**YOUR GOAL**
Keep every word of the listing and reproduce it exactly, but set aside any image found there.

**THE RECORDS**
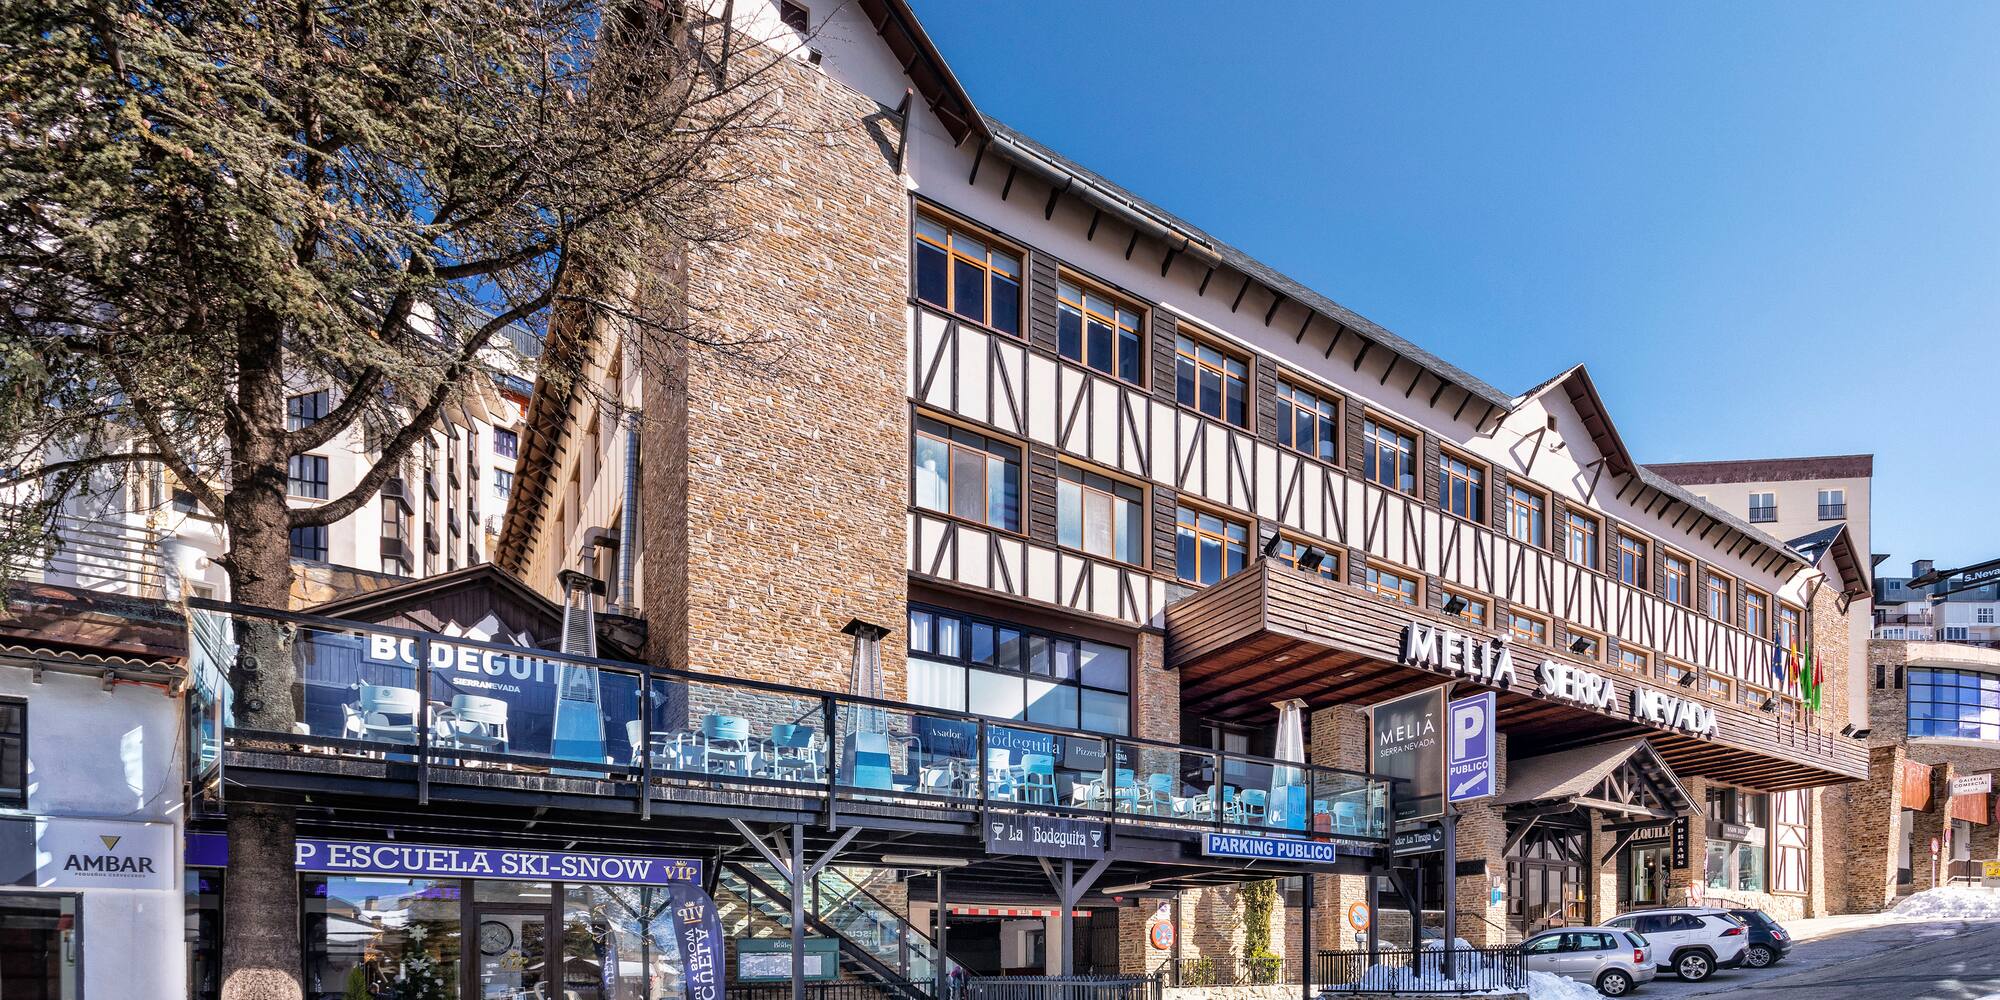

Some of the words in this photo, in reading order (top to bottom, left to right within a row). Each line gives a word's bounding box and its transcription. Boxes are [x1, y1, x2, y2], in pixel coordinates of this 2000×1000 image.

[1540, 659, 1620, 712] SIERRA
[1635, 686, 1720, 738] NEVADA
[930, 728, 962, 739] Asador
[1454, 705, 1485, 760] P
[1380, 746, 1403, 758] SIERRA
[1404, 738, 1436, 752] NEVADA
[1450, 760, 1489, 776] PUBLICO
[1954, 781, 1987, 789] COMERCIAL
[1008, 825, 1023, 841] La
[1033, 826, 1086, 849] Bodeguita
[1212, 836, 1274, 856] PARKING
[1277, 842, 1332, 860] PUBLICO
[63, 854, 157, 874] AMBAR
[326, 844, 494, 873] ESCUELA
[501, 853, 653, 880] SKI-SNOW
[663, 865, 698, 881] VIP
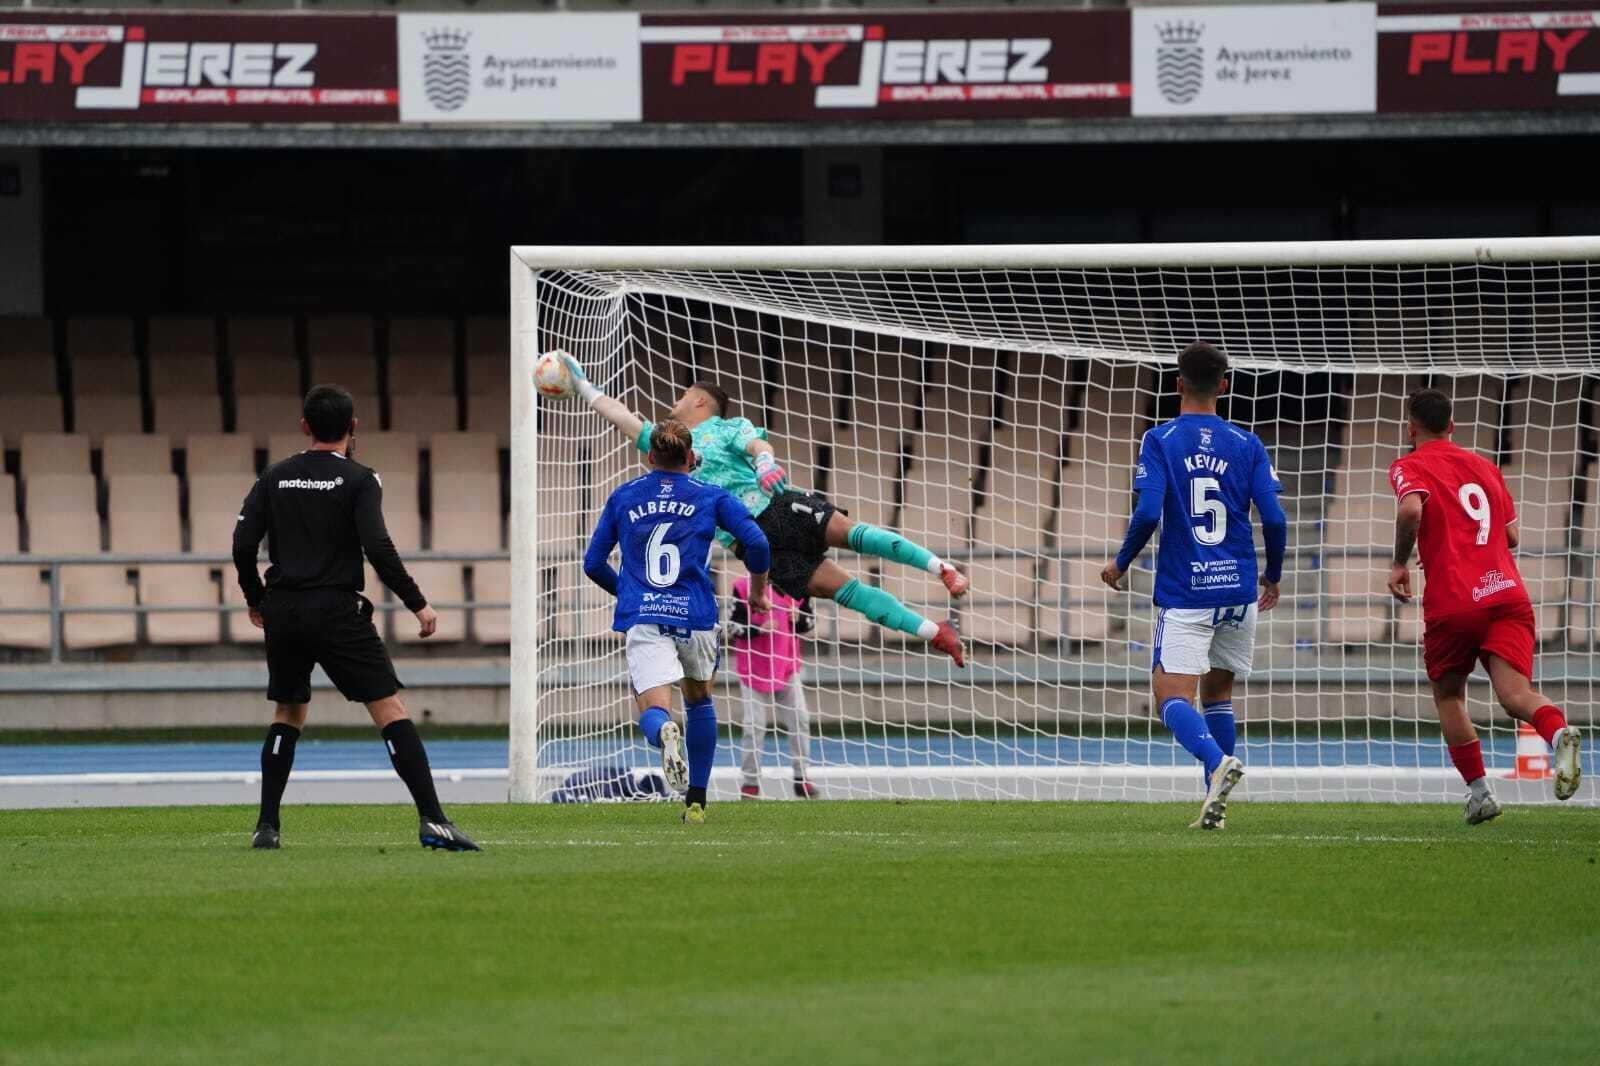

**ANSWER FOR THE TASK**
Some of the words in this photo, in reading order (top to bottom, left to right within a row). Each line gives a word's bounding box and its transcription. Boxes are [x1, y1, x2, y2], in pixel coordinates of this 2000×1000 image.

[1540, 659, 1620, 712] SIERRA
[1635, 686, 1720, 738] NEVADA
[930, 728, 962, 739] Asador
[1454, 705, 1485, 760] P
[1380, 746, 1403, 758] SIERRA
[1404, 738, 1436, 752] NEVADA
[1450, 760, 1489, 776] PUBLICO
[1954, 781, 1987, 789] COMERCIAL
[1008, 825, 1023, 841] La
[1033, 826, 1086, 849] Bodeguita
[1212, 836, 1274, 856] PARKING
[1277, 842, 1332, 860] PUBLICO
[63, 854, 157, 874] AMBAR
[326, 844, 494, 873] ESCUELA
[501, 853, 653, 880] SKI-SNOW
[663, 865, 698, 881] VIP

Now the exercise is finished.